What is interesting is that, regardless of the radius of the n-ball, its
volume must _eventually_ decrease as n increases.
David Cantrell
Terry Padden
"David W. Cantrell" <DWCan...@sigmaxi.org> wrote in message
news:20050613235208.158$d...@newsreader.com...
>
>> 2) However for (geometric) spheres it seems that V(n) is not monotonic
>> and is in fact determined by Gamma (n) with a maximum when n is more than
>> 7. For n > 7, V(Sphere) reduces with increasing n.
>
> I suspect that you mean 5, rather than 7. For example, see the first graph
> at
>
> <http://gregegan.customer.netspace.net.au/APPLETS/29/HypercubeNotes.html>,
>
> an interesting page, mentioned in another sci.math thread recently.
>
> Some people point out, as though it were of special interest, that, for an
> n-ball of unit radius, volume reaches its maximum at n = 5. But I see no
> reason why that should be of special interest. The value of n at which
> maximum volume is reached is _radius-dependent_.
>
> What is interesting is that, regardless of the radius of the n-ball, its
> volume must _eventually_ decrease as n increases.
>
Thanks for the reference and other insights. Is there a standard text on or
that covers basic hyper geometry ?
Dave L. Renfro
> What is interesting is that, regardless of the
> radius of the n-ball, its volume must _eventually_
> decrease as n increases.
In fact, for each fixed radius the volume decreases
to zero as n --> oo
The n-volume of an n-ball of radius r is
Pi^(n/2) * r^n / gamma(n/2 + 1).
Using Stirling's Formula we find that gamma(n/2 + 1) is
asymptotic to sqrt(n*Pi) * (n / 2e)^(n/2), and hence an
n-ball's n-volume is asymptotic to P*Q, where
P = 1 / sqrt(n*Pi)
Q = (2*Pi*e*r^2 / n) ^ (n/2).
Since both P and Q approach zero as n --> oo (for a fixed
value of r), it follows that the n-volume of an n-ball
approaches zero as n --> oo.
This has an interesting consequence that might not be
very well-known. Given any r > 0, there are parallel
hyperplanes arbitrarily close to each other such
that for sufficiently large n, essentially 100%
of the n-volume of some n-ball with radius r lies
between these two hyperplanes.
More precisely, given r > 0, epsilon > 0, and delta > 0,
there exists n such that given any n-ball B of radius r
there exists two parallel hyperplanes separated by
a distance of delta with the center of B midway between
them such that the volume of the part of B that doesn't
lie between these two hyperplanes is less than epsilon.
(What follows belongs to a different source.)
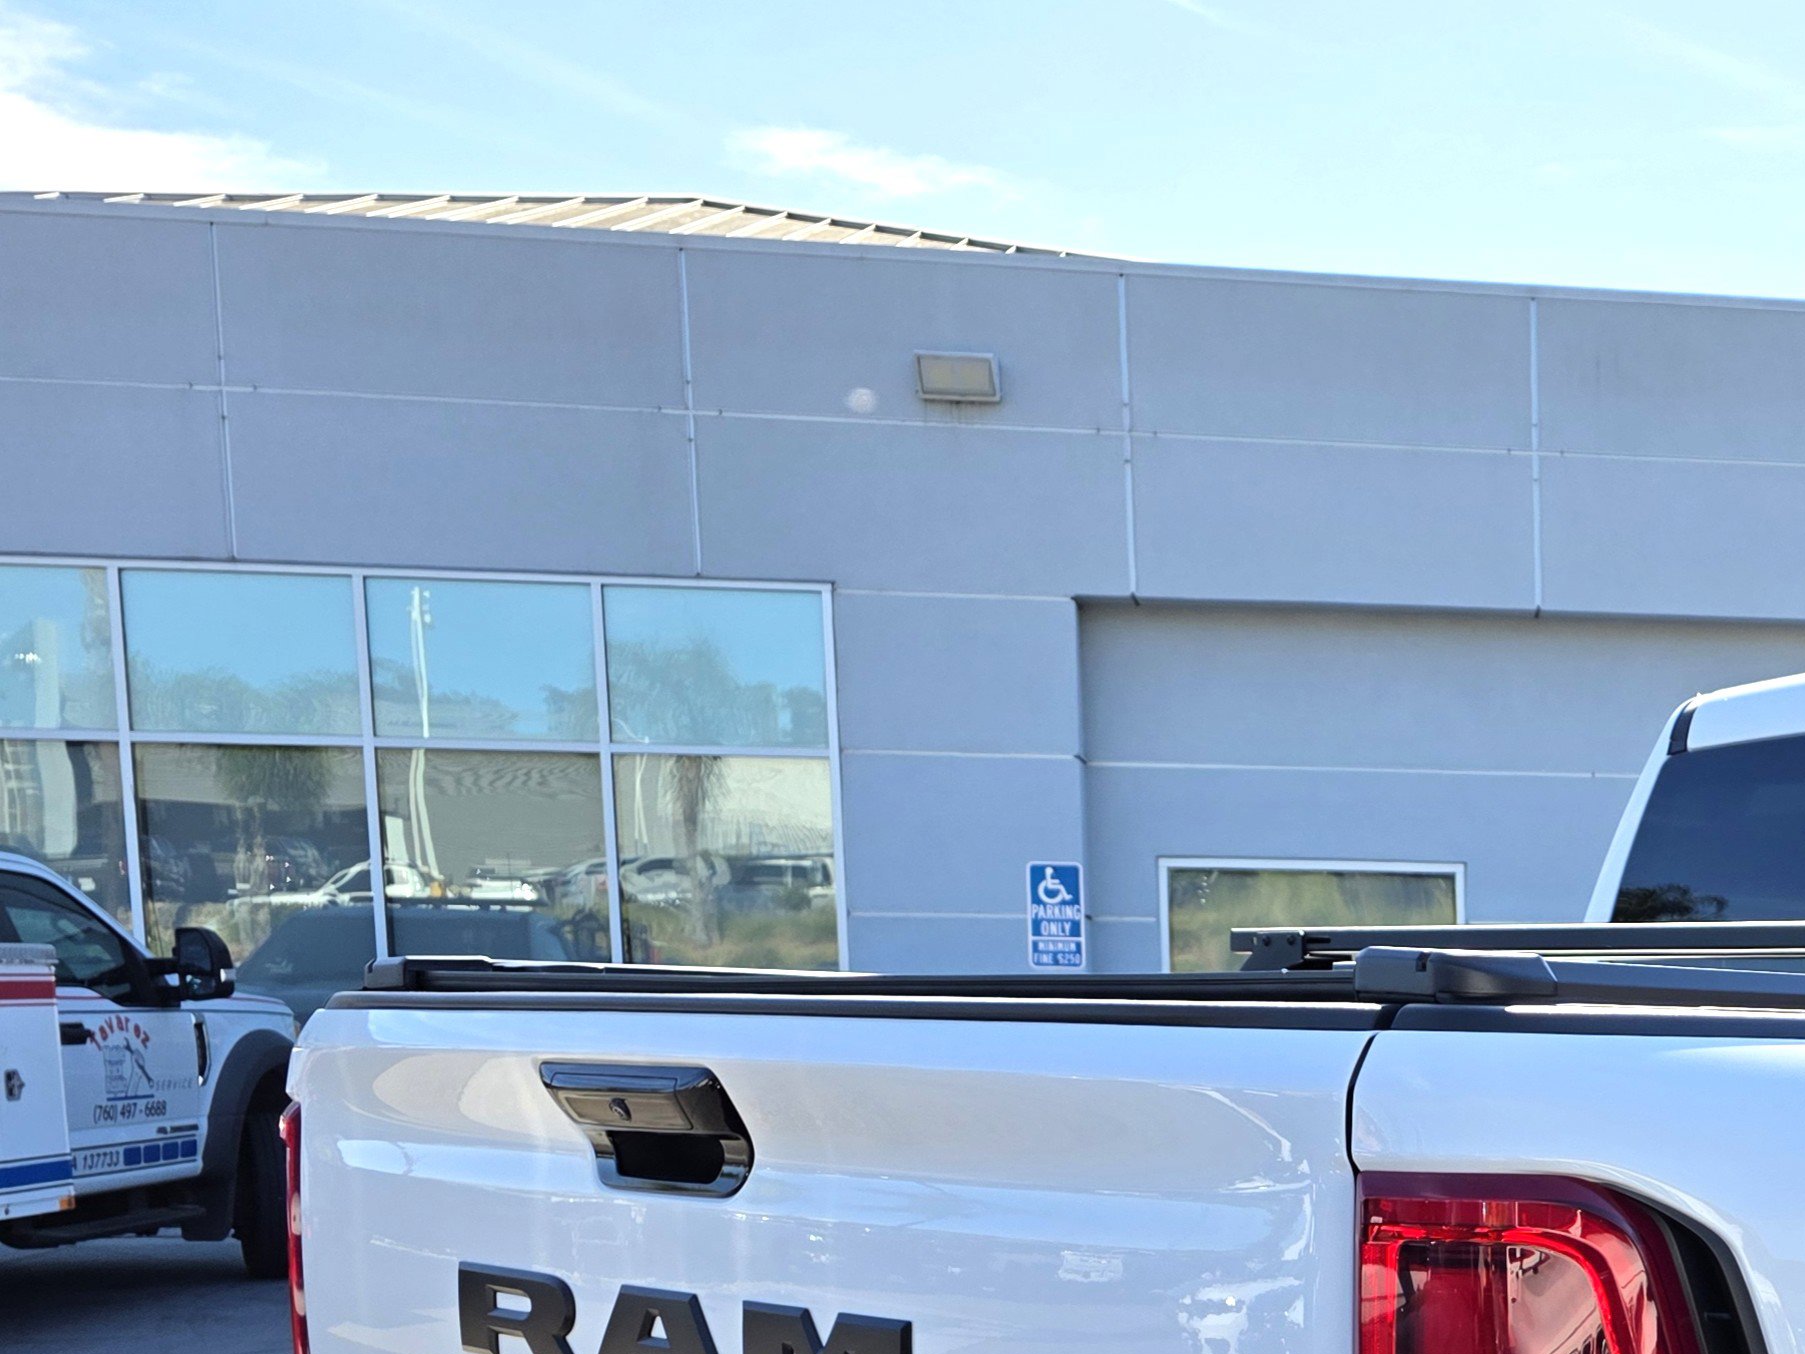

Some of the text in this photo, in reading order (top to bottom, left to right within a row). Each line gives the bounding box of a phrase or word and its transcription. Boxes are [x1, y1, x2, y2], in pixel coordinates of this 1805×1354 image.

To see this, consider the percentage of the n-volume
of an n-cube with edge lengths 2r that two hyperplanes
passing through the n-cube and parallel to one of the
n-cube's faces determine as compared to the percentage
of the n-volume of this same cube that an inscribed
n-ball of radius r takes up. The former is proportional
to the distance between the hyperplanes (and the constant
of proportionality is independent of n), while the latter
approaches zero as n --> oo.
Dave L. Renfro
double d
Terry Padden
"Dave L. Renfro" <renf...@cmich.edu> wrote in message
news:1119035063.5...@o13g2000cwo.googlegroups.com...
>
> The n-volume of an n-ball of radius r is
>
> Pi^(n/2) * r^n / gamma(n/2 + 1).
>
Can you provide a basic readily available reference text, or on-line
resource, showing details of how this is developed. The usual advanced
calculus texts stop at 3D and don't show the Gamma dependency.
Interesting.
G. A. Edgar
Padden <TPa...@bigpond.net.au> wrote:
> "Dave L. Renfro" <renf...@cmich.edu> wrote in message
> news:1119035063.5...@o13g2000cwo.googlegroups.com...
> >
> > The n-volume of an n-ball of radius r is
> >
> > Pi^(n/2) * r^n / gamma(n/2 + 1).
> >
>
> Can you provide a basic readily available reference text, or on-line
> resource, showing details of how this is developed. The usual advanced
> calculus texts stop at 3D and don't show the Gamma dependency.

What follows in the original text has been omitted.